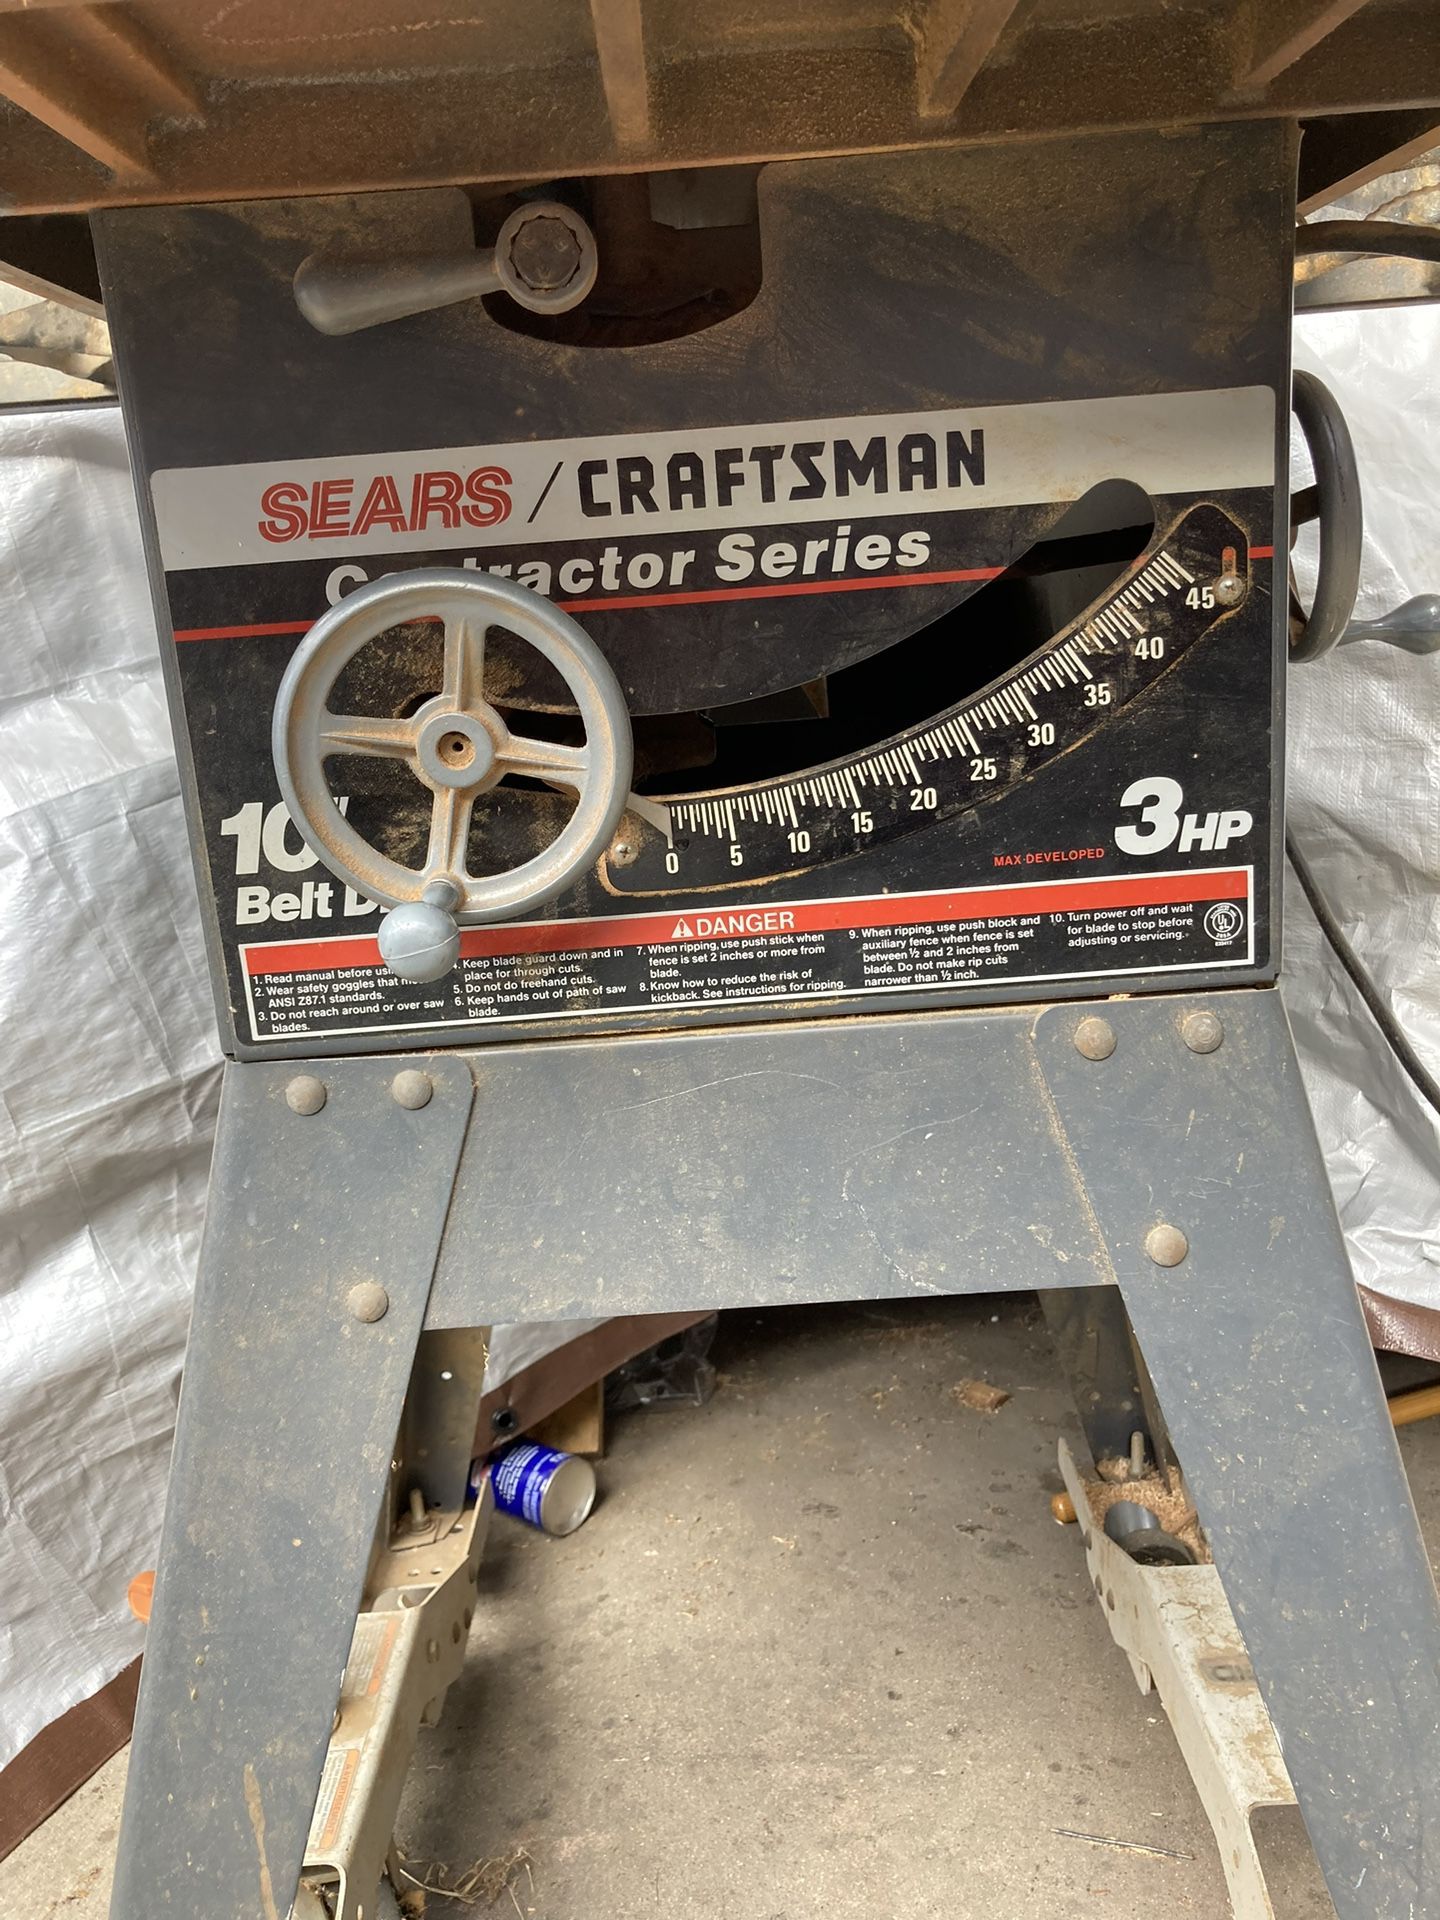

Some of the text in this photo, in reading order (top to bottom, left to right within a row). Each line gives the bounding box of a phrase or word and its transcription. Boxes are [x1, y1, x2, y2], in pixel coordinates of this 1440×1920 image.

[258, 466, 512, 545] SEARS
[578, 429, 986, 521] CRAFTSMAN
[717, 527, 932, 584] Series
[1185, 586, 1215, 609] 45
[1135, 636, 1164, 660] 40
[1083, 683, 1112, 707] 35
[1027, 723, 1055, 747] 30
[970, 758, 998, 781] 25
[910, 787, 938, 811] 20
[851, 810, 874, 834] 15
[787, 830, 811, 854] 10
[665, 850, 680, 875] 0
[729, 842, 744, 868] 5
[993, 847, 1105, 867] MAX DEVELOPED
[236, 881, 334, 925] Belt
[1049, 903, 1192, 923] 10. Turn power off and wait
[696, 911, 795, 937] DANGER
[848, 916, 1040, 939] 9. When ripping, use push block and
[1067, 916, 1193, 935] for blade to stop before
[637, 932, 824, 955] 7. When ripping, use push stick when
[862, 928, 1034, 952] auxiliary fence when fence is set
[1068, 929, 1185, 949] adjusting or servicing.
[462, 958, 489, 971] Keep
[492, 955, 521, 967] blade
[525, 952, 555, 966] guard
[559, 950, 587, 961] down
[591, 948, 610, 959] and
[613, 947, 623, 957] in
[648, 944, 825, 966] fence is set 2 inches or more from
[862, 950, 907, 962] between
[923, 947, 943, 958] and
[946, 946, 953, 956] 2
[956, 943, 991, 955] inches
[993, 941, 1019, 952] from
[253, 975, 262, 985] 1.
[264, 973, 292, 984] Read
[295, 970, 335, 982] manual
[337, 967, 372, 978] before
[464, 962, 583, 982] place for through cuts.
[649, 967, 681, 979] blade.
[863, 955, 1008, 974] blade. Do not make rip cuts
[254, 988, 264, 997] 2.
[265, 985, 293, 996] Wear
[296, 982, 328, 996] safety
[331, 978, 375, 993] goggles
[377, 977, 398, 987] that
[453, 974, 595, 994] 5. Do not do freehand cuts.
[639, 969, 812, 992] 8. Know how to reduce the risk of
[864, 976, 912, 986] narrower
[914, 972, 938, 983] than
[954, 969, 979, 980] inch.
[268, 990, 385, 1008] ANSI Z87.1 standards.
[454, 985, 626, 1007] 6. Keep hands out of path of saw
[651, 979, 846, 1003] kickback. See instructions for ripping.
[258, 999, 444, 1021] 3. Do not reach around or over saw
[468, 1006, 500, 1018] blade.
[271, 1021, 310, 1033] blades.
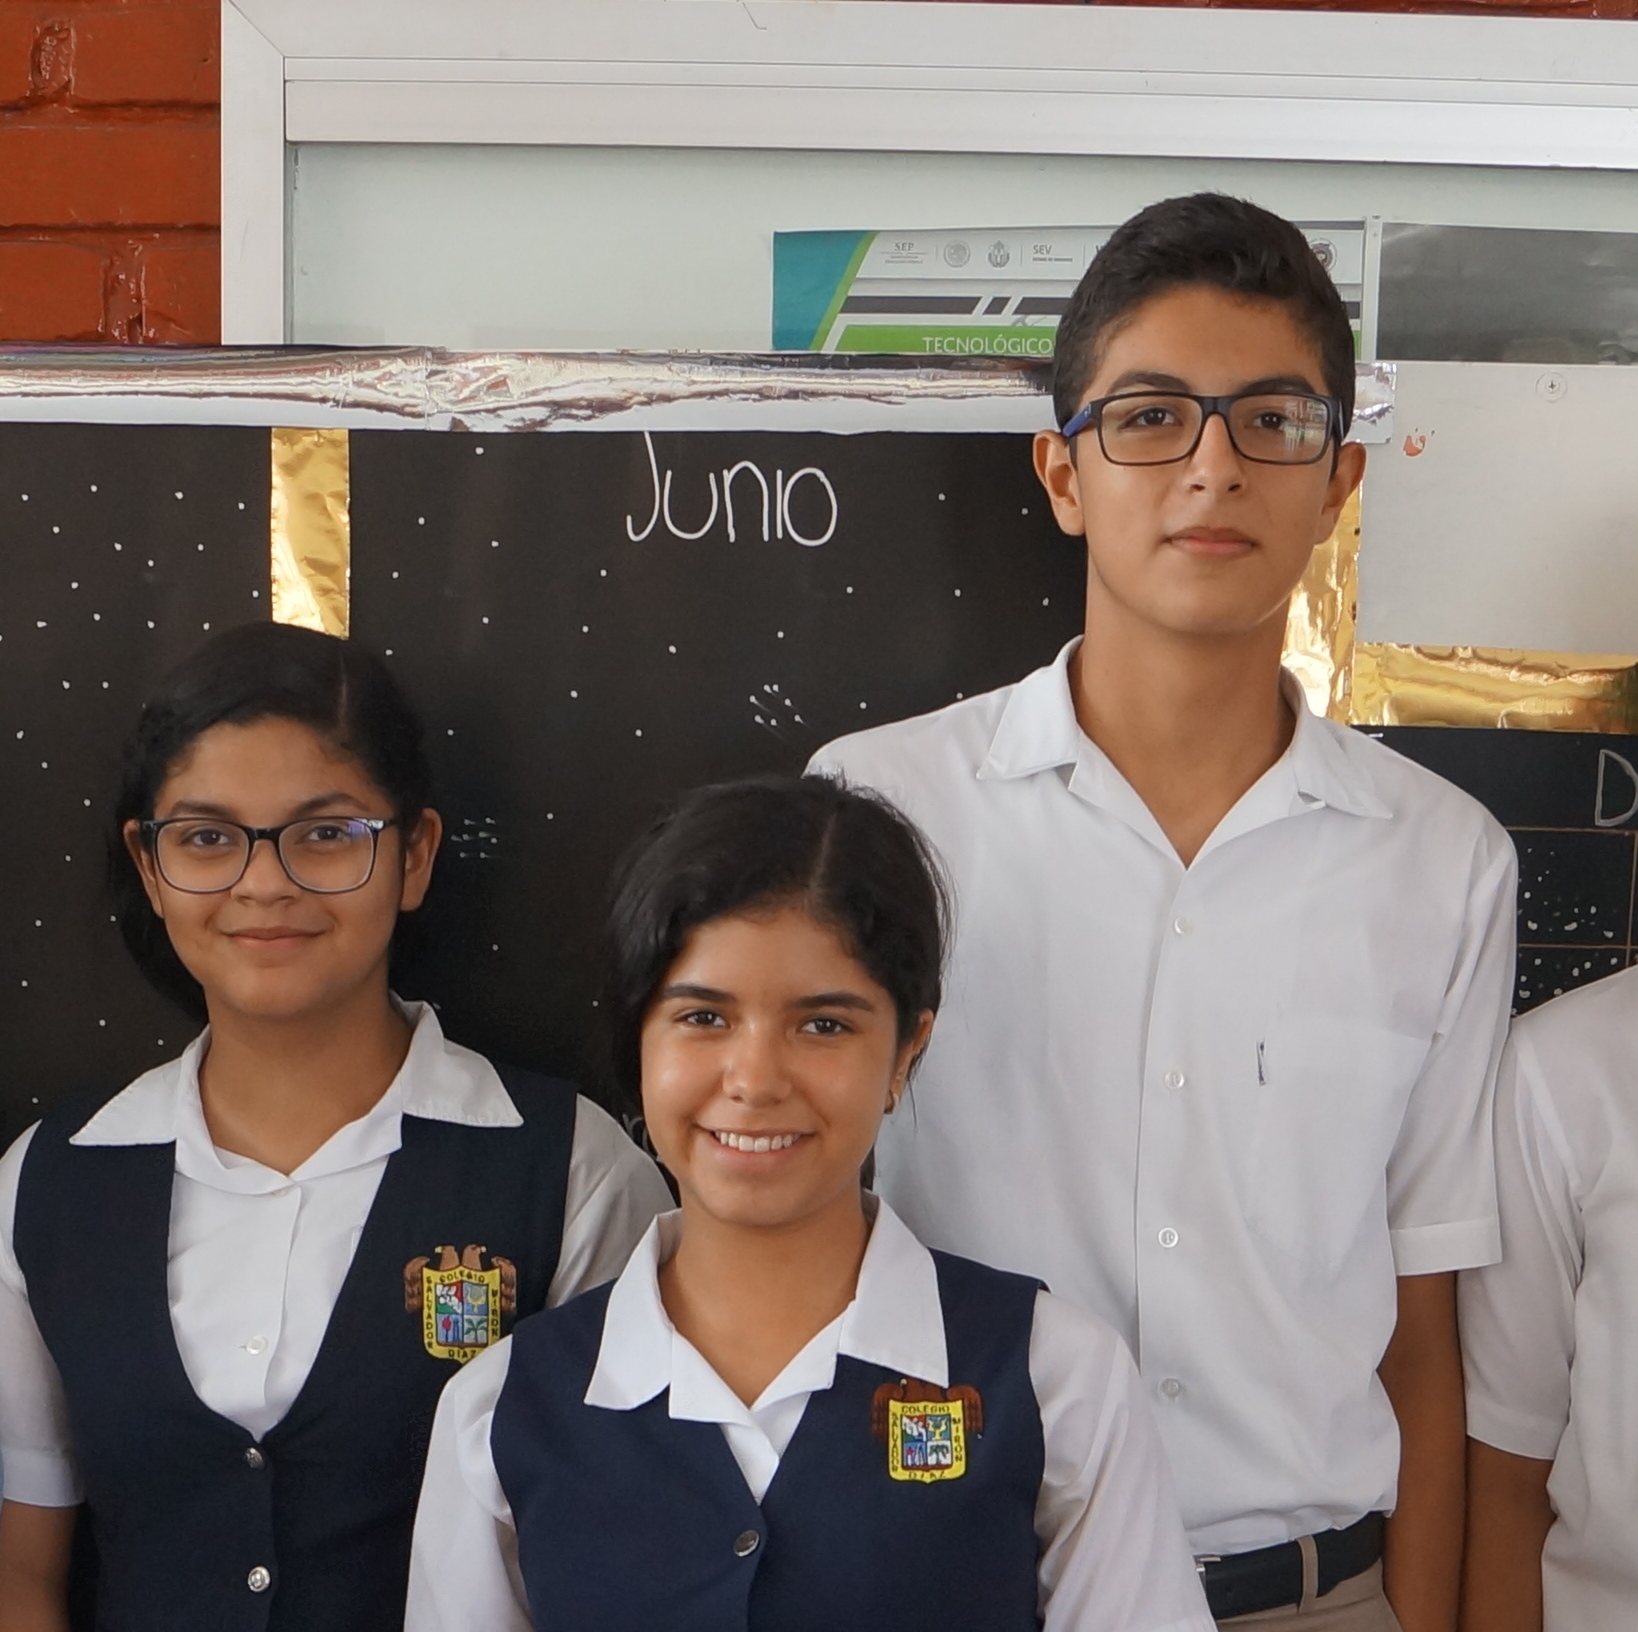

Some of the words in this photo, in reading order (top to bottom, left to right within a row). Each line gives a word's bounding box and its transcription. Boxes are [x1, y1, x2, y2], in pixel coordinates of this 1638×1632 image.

========================================

Prompt
Return the material exactly as given, apart from the pictures.

Problem solution
Some of the text in this photo, in reading order (top to bottom, left to right within a row). Each line gives the bounding box of a phrase or word and its transcription. Boxes are [x1, y1, x2, y2], in pixel coordinates of this 1440×1920 image.

[258, 466, 512, 545] SEARS
[578, 429, 986, 521] CRAFTSMAN
[717, 527, 932, 584] Series
[1185, 586, 1215, 609] 45
[1135, 636, 1164, 660] 40
[1083, 683, 1112, 707] 35
[1027, 723, 1055, 747] 30
[970, 758, 998, 781] 25
[910, 787, 938, 811] 20
[851, 810, 874, 834] 15
[787, 830, 811, 854] 10
[665, 850, 680, 875] 0
[729, 842, 744, 868] 5
[993, 847, 1105, 867] MAX DEVELOPED
[236, 881, 334, 925] Belt
[1049, 903, 1192, 923] 10. Turn power off and wait
[696, 911, 795, 937] DANGER
[848, 916, 1040, 939] 9. When ripping, use push block and
[1067, 916, 1193, 935] for blade to stop before
[637, 932, 824, 955] 7. When ripping, use push stick when
[862, 928, 1034, 952] auxiliary fence when fence is set
[1068, 929, 1185, 949] adjusting or servicing.
[462, 958, 489, 971] Keep
[492, 955, 521, 967] blade
[525, 952, 555, 966] guard
[559, 950, 587, 961] down
[591, 948, 610, 959] and
[613, 947, 623, 957] in
[648, 944, 825, 966] fence is set 2 inches or more from
[862, 950, 907, 962] between
[923, 947, 943, 958] and
[946, 946, 953, 956] 2
[956, 943, 991, 955] inches
[993, 941, 1019, 952] from
[253, 975, 262, 985] 1.
[264, 973, 292, 984] Read
[295, 970, 335, 982] manual
[337, 967, 372, 978] before
[464, 962, 583, 982] place for through cuts.
[649, 967, 681, 979] blade.
[863, 955, 1008, 974] blade. Do not make rip cuts
[254, 988, 264, 997] 2.
[265, 985, 293, 996] Wear
[296, 982, 328, 996] safety
[331, 978, 375, 993] goggles
[377, 977, 398, 987] that
[453, 974, 595, 994] 5. Do not do freehand cuts.
[639, 969, 812, 992] 8. Know how to reduce the risk of
[864, 976, 912, 986] narrower
[914, 972, 938, 983] than
[954, 969, 979, 980] inch.
[268, 990, 385, 1008] ANSI Z87.1 standards.
[454, 985, 626, 1007] 6. Keep hands out of path of saw
[651, 979, 846, 1003] kickback. See instructions for ripping.
[258, 999, 444, 1021] 3. Do not reach around or over saw
[468, 1006, 500, 1018] blade.
[271, 1021, 310, 1033] blades.

Some of the words in this photo, in reading order (top to bottom, left to right within a row). Each line gives a word's bounding box and its transcription. Boxes are [x1, y1, x2, y2], in pixel coordinates of this 1638×1632 image.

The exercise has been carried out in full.